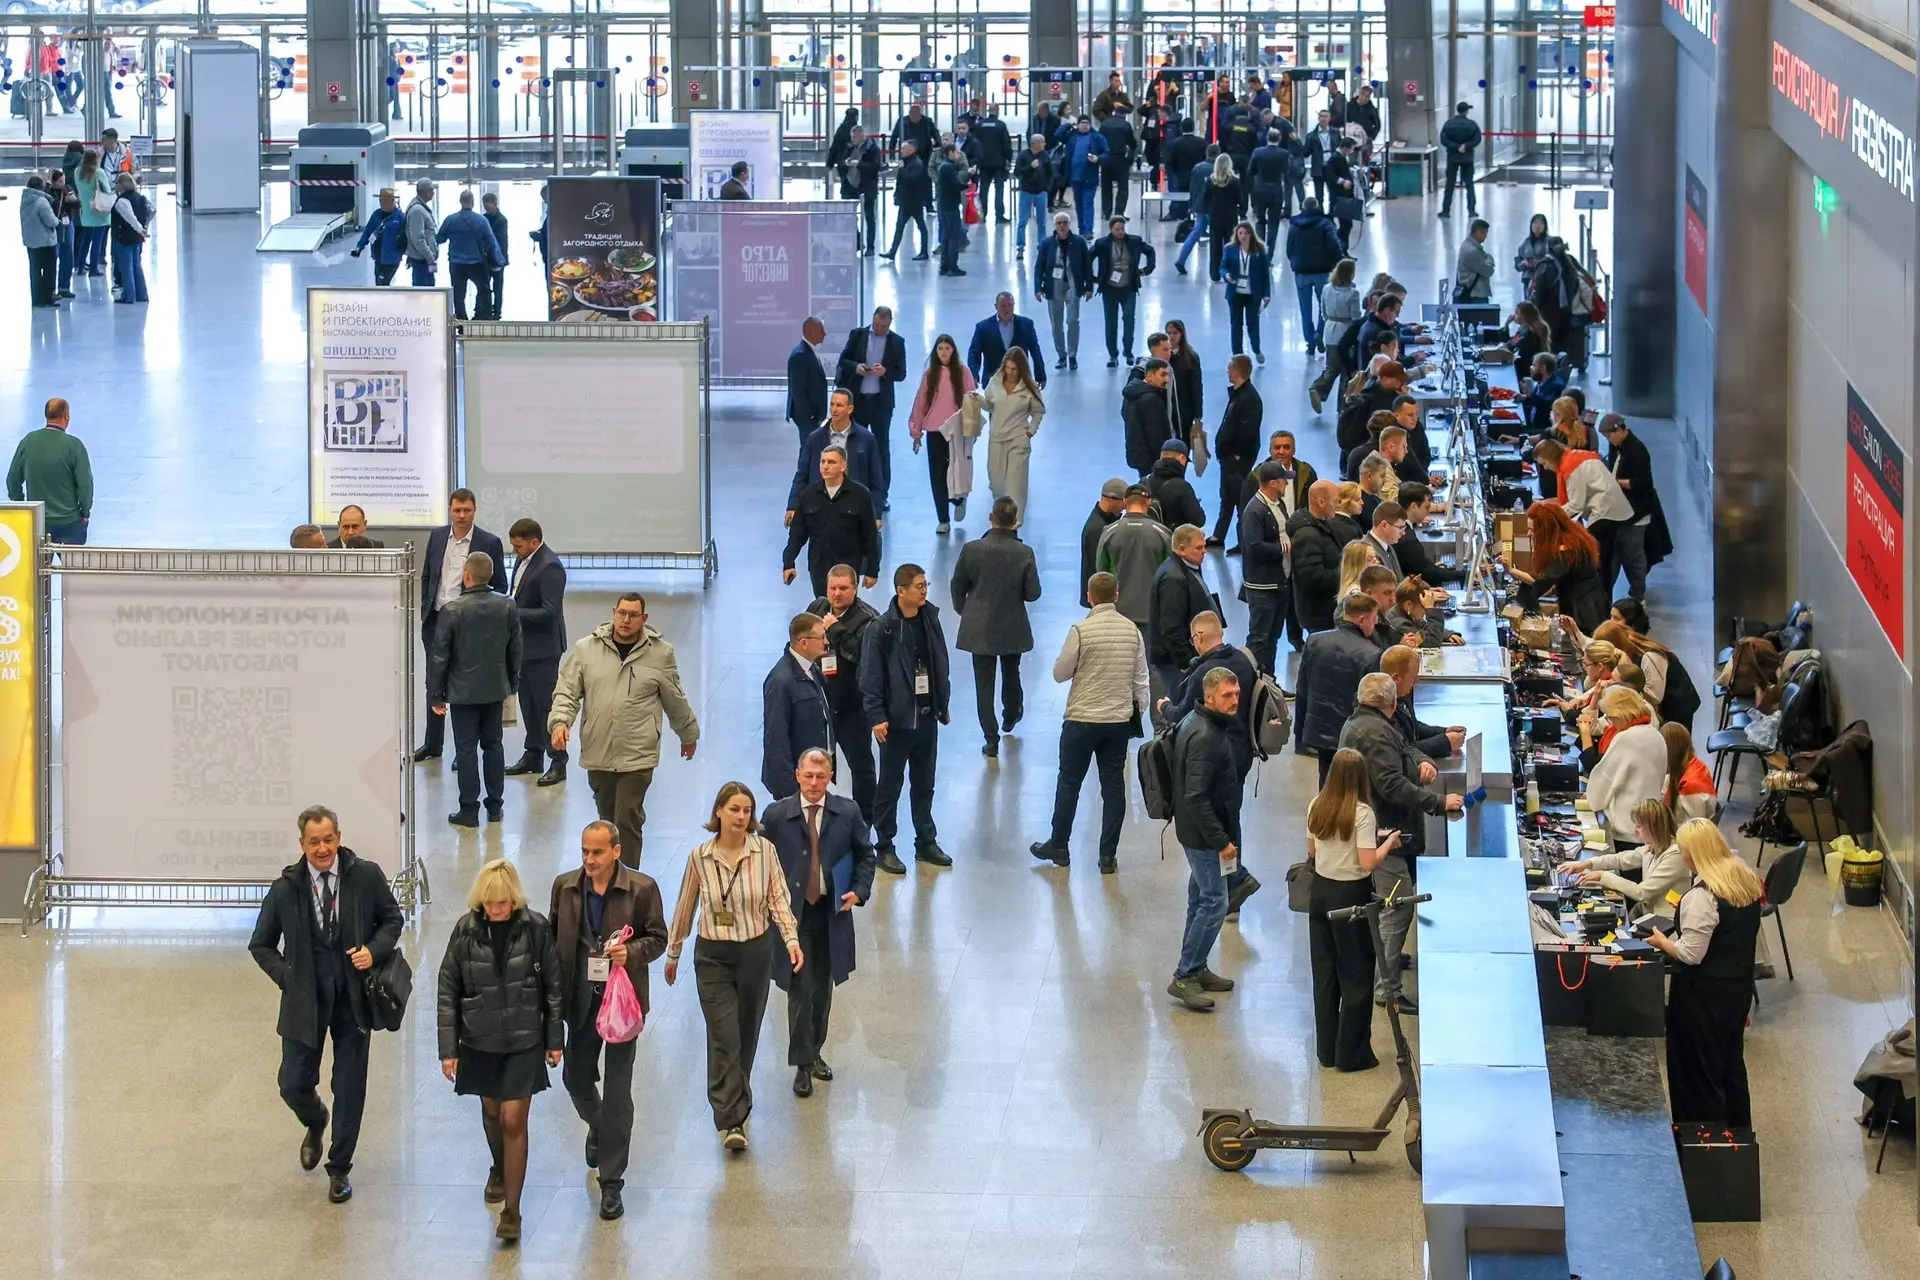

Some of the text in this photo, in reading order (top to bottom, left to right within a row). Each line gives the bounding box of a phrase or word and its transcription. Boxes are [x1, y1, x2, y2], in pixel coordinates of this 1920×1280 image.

[1773, 41, 1839, 139] РЕГИСТРАЦИЯ
[1852, 97, 1916, 202] REGISTRA
[322, 302, 368, 313] ДИЗАЙН
[322, 316, 432, 327] И ПРОЕКТИРОВАНИЕ
[323, 328, 432, 338] ВЫСТАВОЧНЫХ ЭКСПОЗИЦИЙ
[332, 347, 397, 356] BUILDEXPO
[1853, 473, 1895, 557] РЕГИСТРАЦИЯ
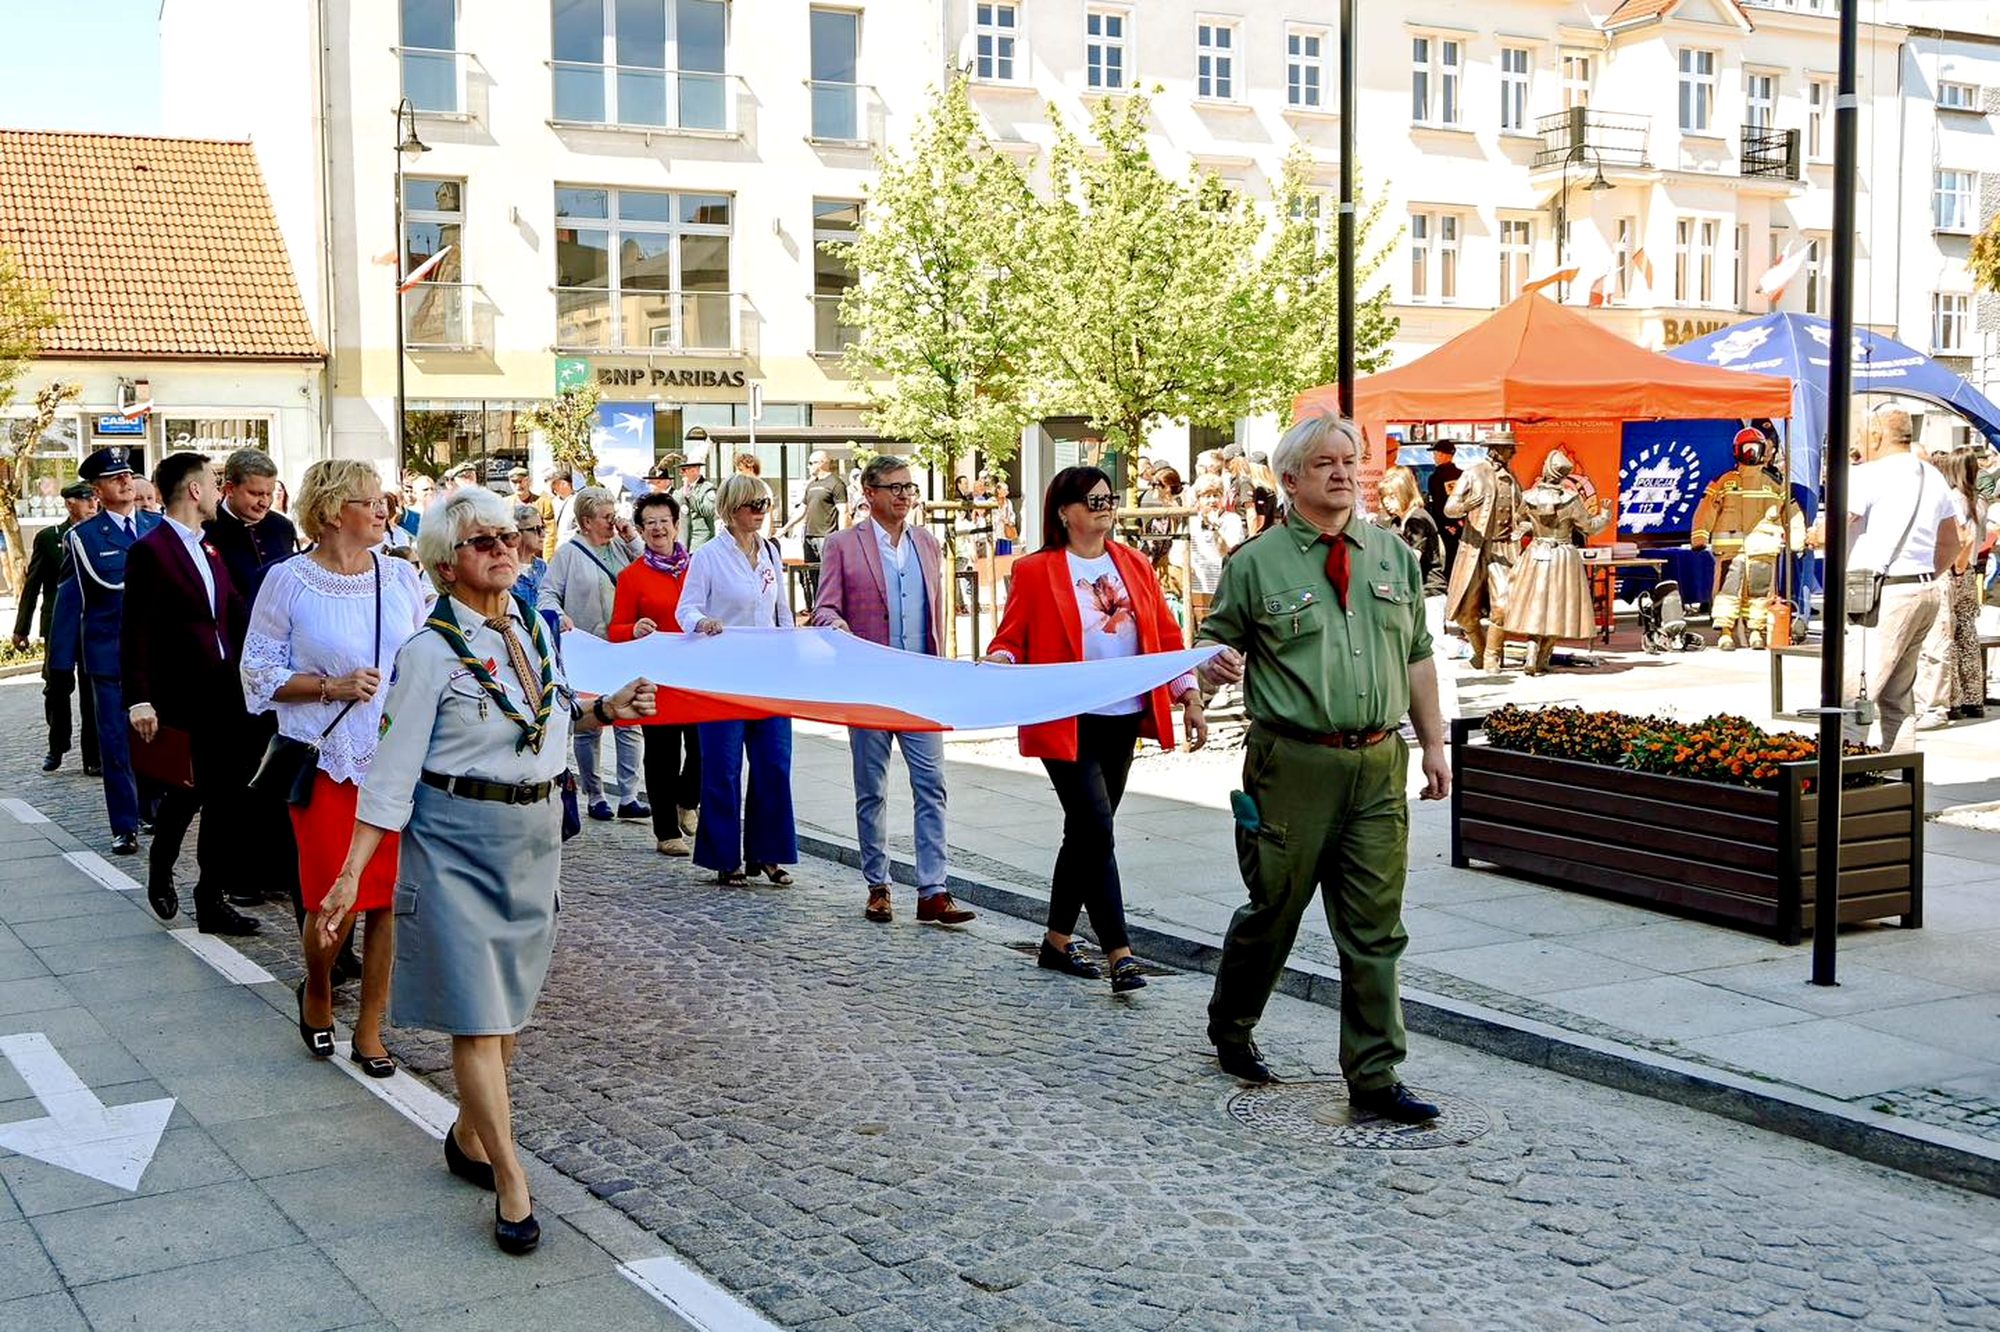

WHAT NEEDS TO BE DONE.
Copy each line of the material above exactly, but not the images.

WRITTEN SOLUTION.
Some of the text in this photo, in reading order (top to bottom, left to right within a row). Each line gives the bounding box of a phrase or word and its transcription. Boxes are [x1, y1, x2, y2], in pixel coordinates of this 1920×1280 image.

[1773, 41, 1839, 139] РЕГИСТРАЦИЯ
[1852, 97, 1916, 202] REGISTRA
[322, 302, 368, 313] ДИЗАЙН
[322, 316, 432, 327] И ПРОЕКТИРОВАНИЕ
[323, 328, 432, 338] ВЫСТАВОЧНЫХ ЭКСПОЗИЦИЙ
[332, 347, 397, 356] BUILDEXPO
[1853, 473, 1895, 557] РЕГИСТРАЦИЯ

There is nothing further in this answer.